Please copy each line of the listing below precisely, excluding the images.

******

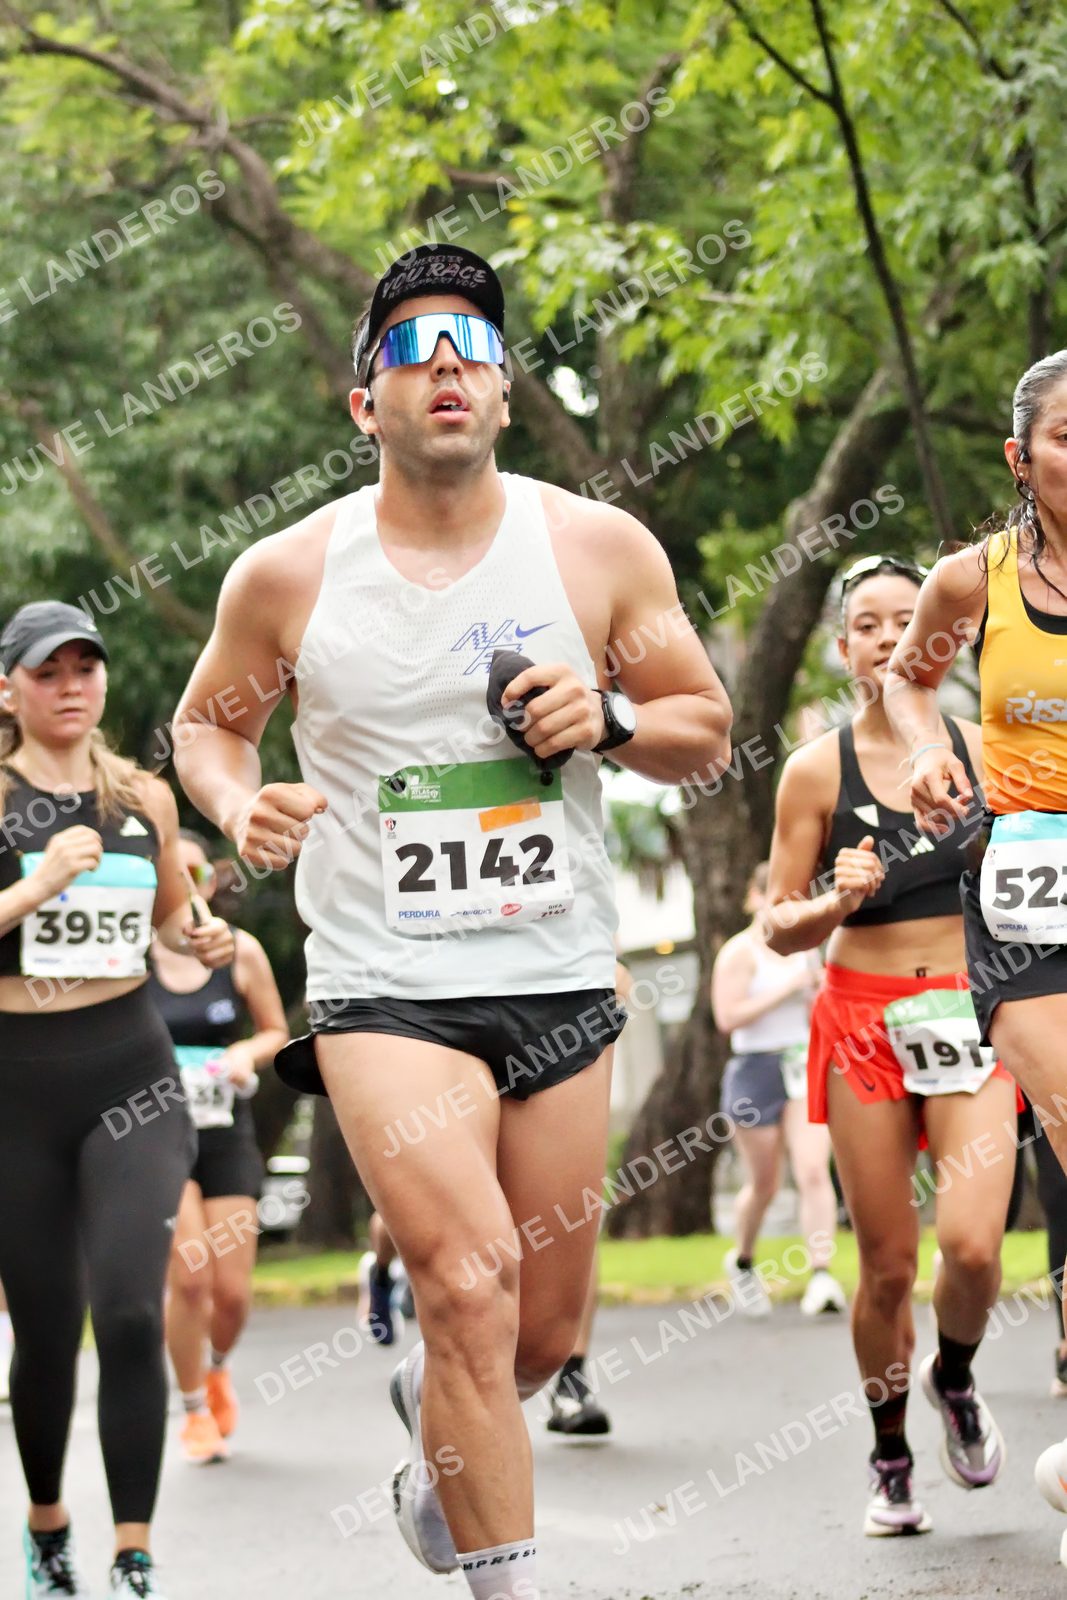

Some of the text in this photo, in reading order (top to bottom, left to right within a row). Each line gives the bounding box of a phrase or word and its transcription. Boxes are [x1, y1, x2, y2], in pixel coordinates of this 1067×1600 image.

[426, 262, 487, 284] RACE
[395, 834, 555, 892] 2142
[992, 866, 1067, 910] 52
[34, 910, 142, 945] 3956
[398, 909, 441, 919] PERDURA
[905, 1039, 999, 1069] 191

******

## [Response below]
Some of the text in this photo, in reading order (top to bottom, left to right within a row). Each line gives the bounding box of a phrase or word and its transcription. Boxes are [x1, y1, x2, y2], in pixel coordinates of this 1067×1600 image.

[426, 262, 487, 284] RACE
[395, 834, 555, 892] 2142
[992, 866, 1067, 910] 52
[34, 910, 142, 945] 3956
[398, 909, 441, 919] PERDURA
[905, 1039, 999, 1069] 191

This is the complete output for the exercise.